▶ _Assignment_: The records below need to come back exactly as they are, pictures omitted.

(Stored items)
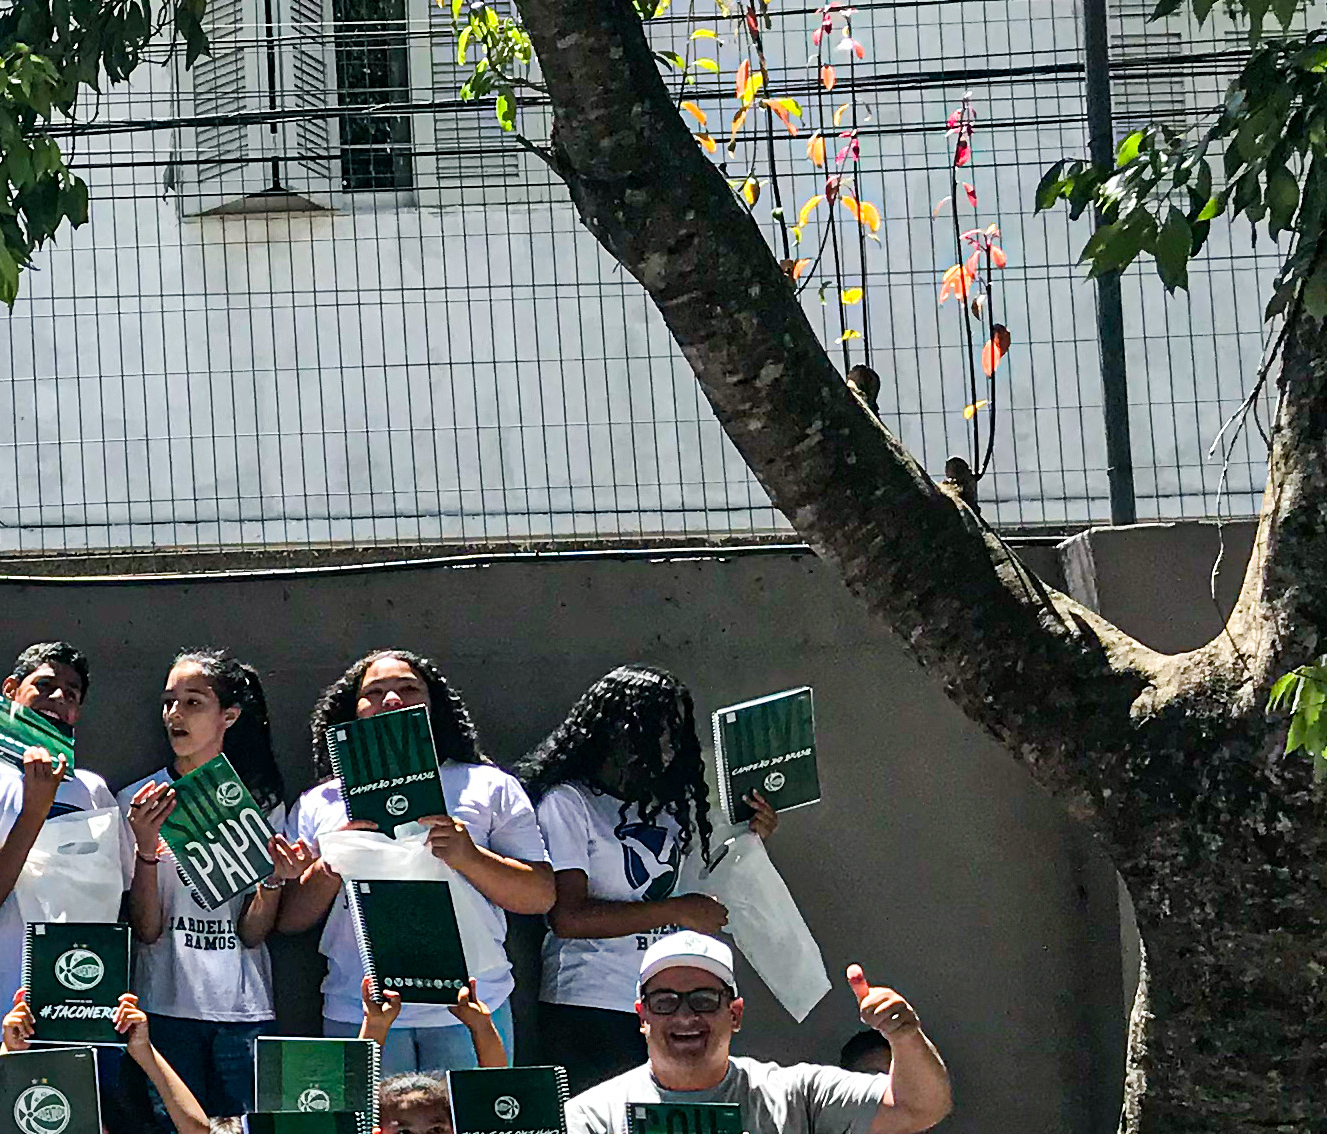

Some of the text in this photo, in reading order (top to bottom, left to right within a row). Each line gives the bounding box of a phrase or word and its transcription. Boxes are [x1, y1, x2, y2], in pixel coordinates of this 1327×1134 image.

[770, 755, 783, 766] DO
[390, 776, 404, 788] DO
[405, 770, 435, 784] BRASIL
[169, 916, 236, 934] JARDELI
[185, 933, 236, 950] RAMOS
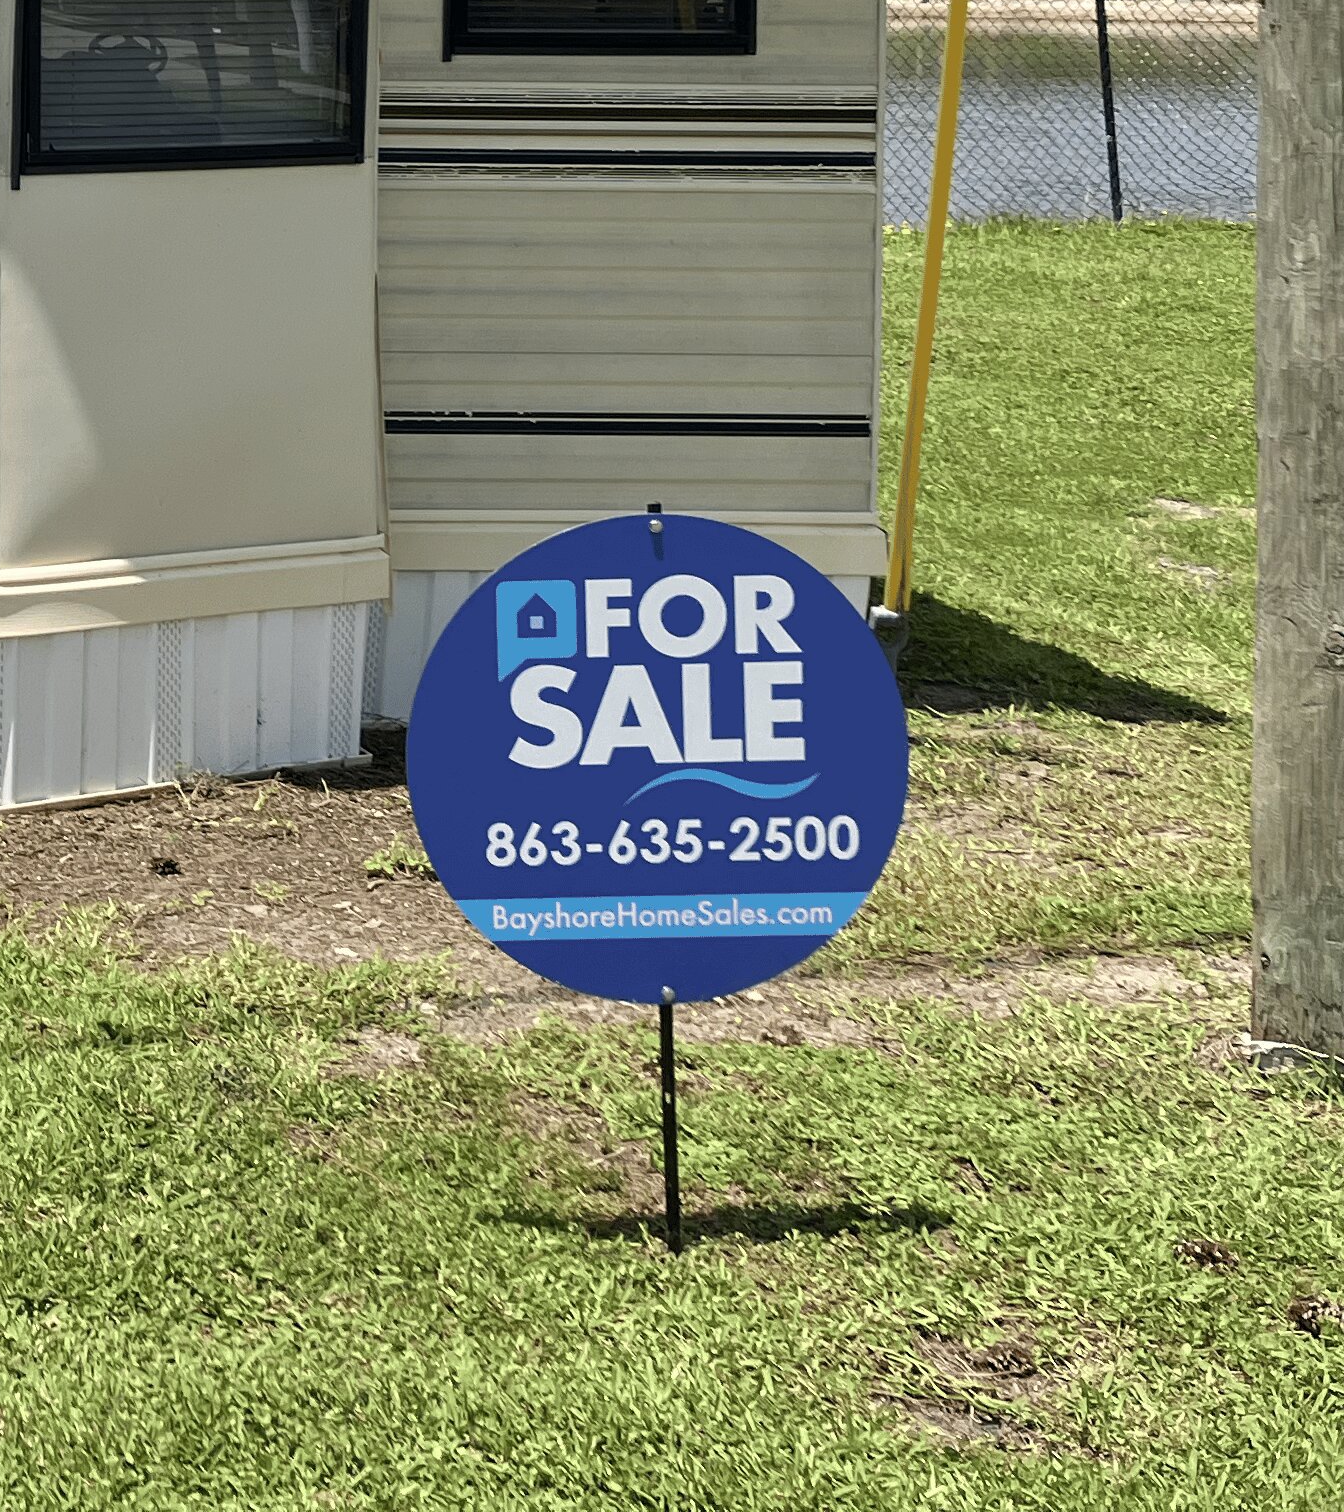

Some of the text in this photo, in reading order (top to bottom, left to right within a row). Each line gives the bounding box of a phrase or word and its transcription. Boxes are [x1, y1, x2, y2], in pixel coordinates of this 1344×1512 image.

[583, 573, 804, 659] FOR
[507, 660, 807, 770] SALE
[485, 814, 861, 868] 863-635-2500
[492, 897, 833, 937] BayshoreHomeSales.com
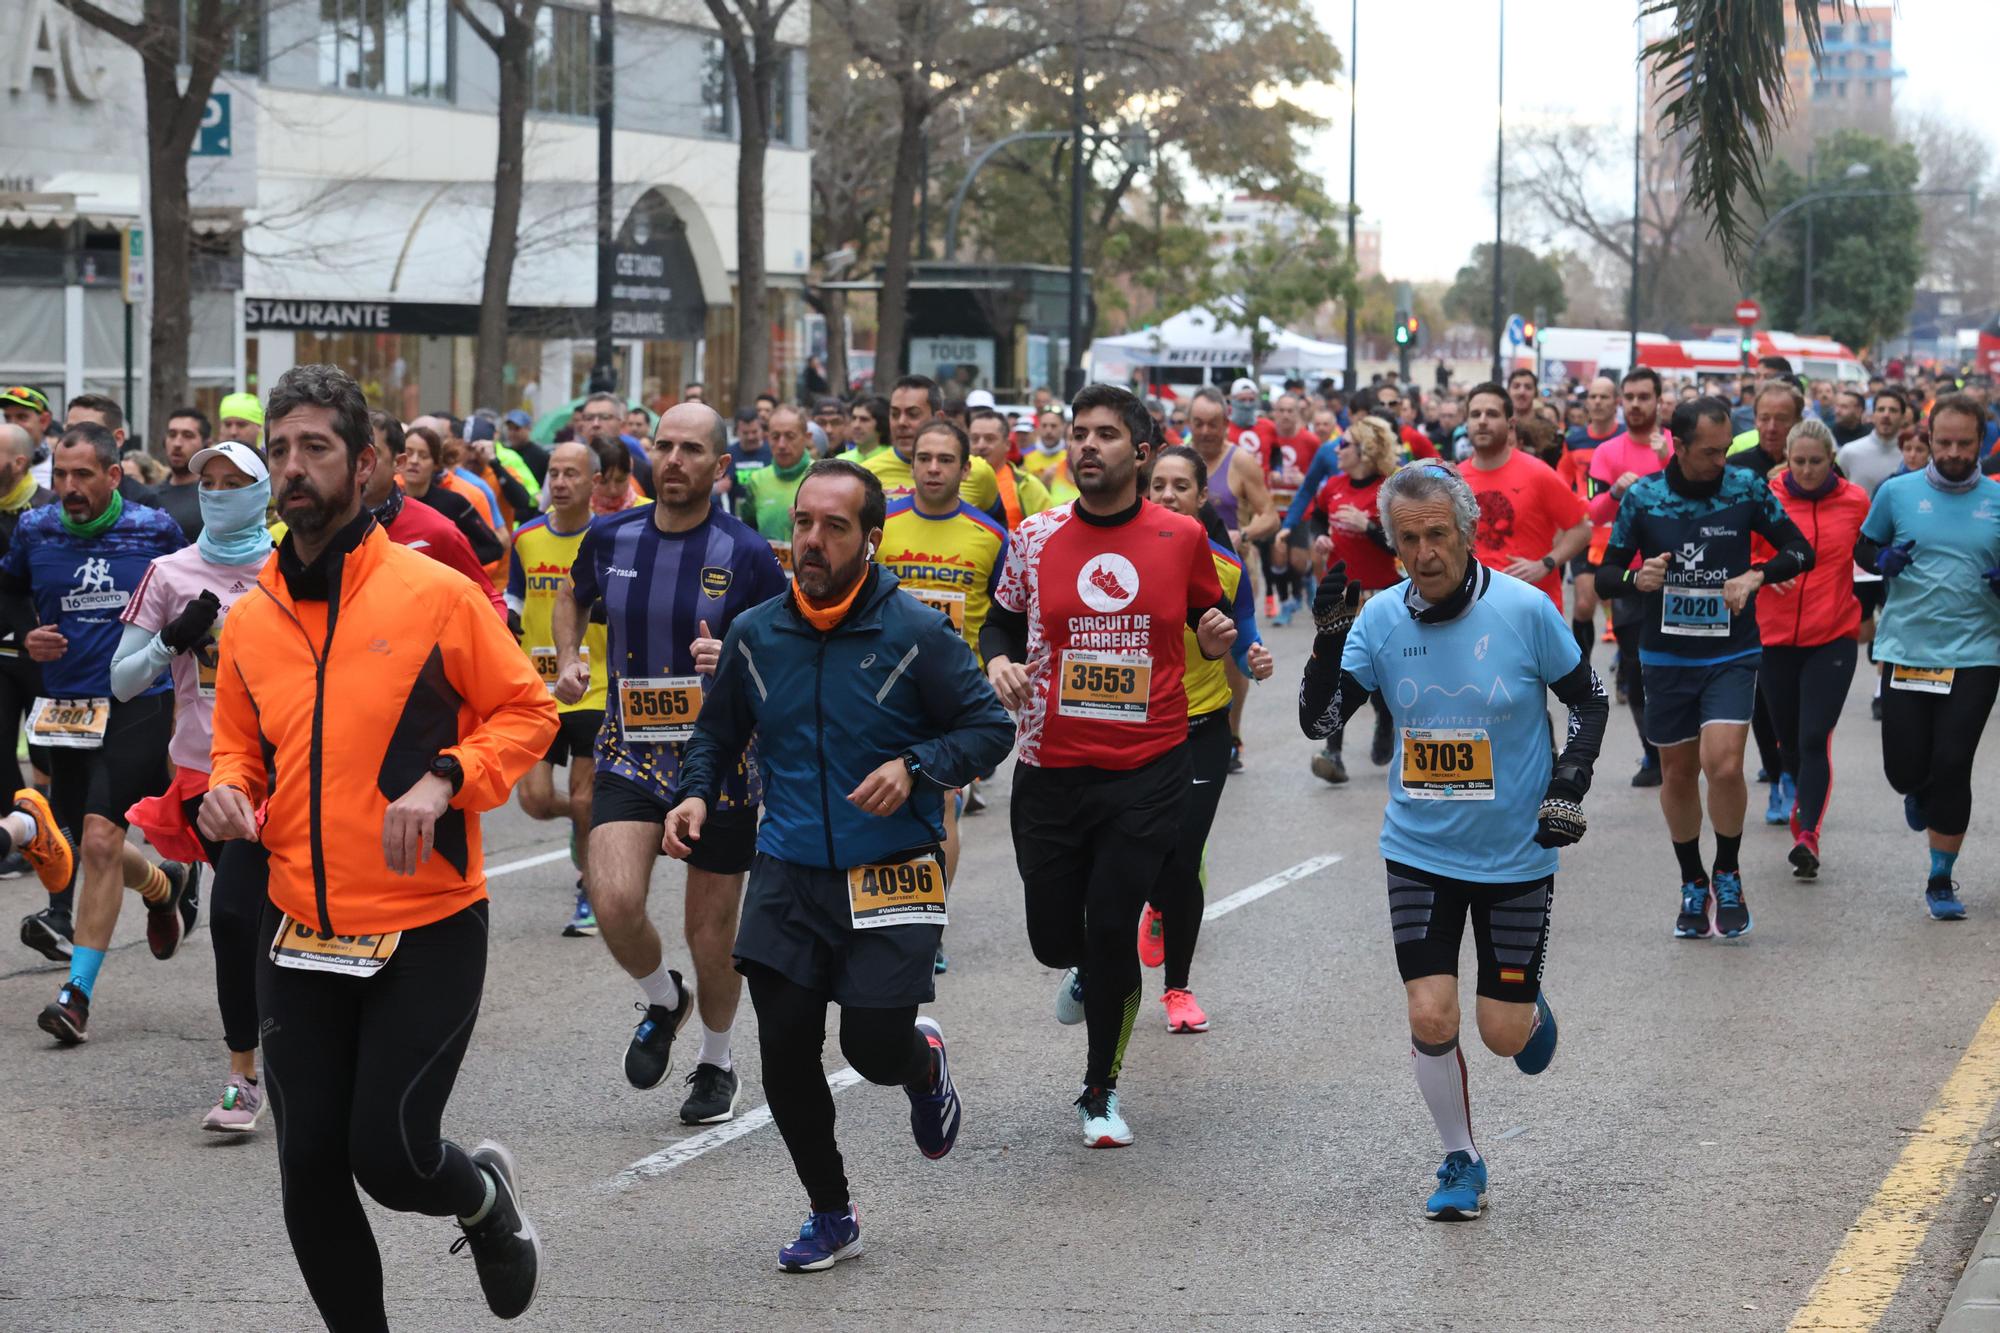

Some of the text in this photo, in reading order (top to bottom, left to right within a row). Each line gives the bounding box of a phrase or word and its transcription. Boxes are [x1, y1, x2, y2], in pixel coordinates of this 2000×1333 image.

▶ _Task result_:
Some of the text in this photo, in reading order (top to bottom, left to right within a row). Each line gives the bounding box of a phrase or word and its transcription. Boxes are [x1, y1, x2, y2], in pixel coordinates of this 1327×1134 image.

[770, 755, 783, 766] DO
[390, 776, 404, 788] DO
[405, 770, 435, 784] BRASIL
[169, 916, 236, 934] JARDELI
[185, 933, 236, 950] RAMOS

Some of the text in this photo, in reading order (top to bottom, left to right within a row). Each line gives the bounding box of a phrase or word and its transcription. Boxes are [x1, y1, x2, y2], in pixel coordinates of this 1344×1512 image.

[583, 573, 804, 659] FOR
[507, 660, 807, 770] SALE
[485, 814, 861, 868] 863-635-2500
[492, 897, 833, 937] BayshoreHomeSales.com

Some of the text in this photo, in reading order (top to bottom, left to right within a row). Each line gives the bounding box of a phrase or word and its transcription. Boxes are [x1, y1, x2, y2], in pixel coordinates of this 2000×1333 image.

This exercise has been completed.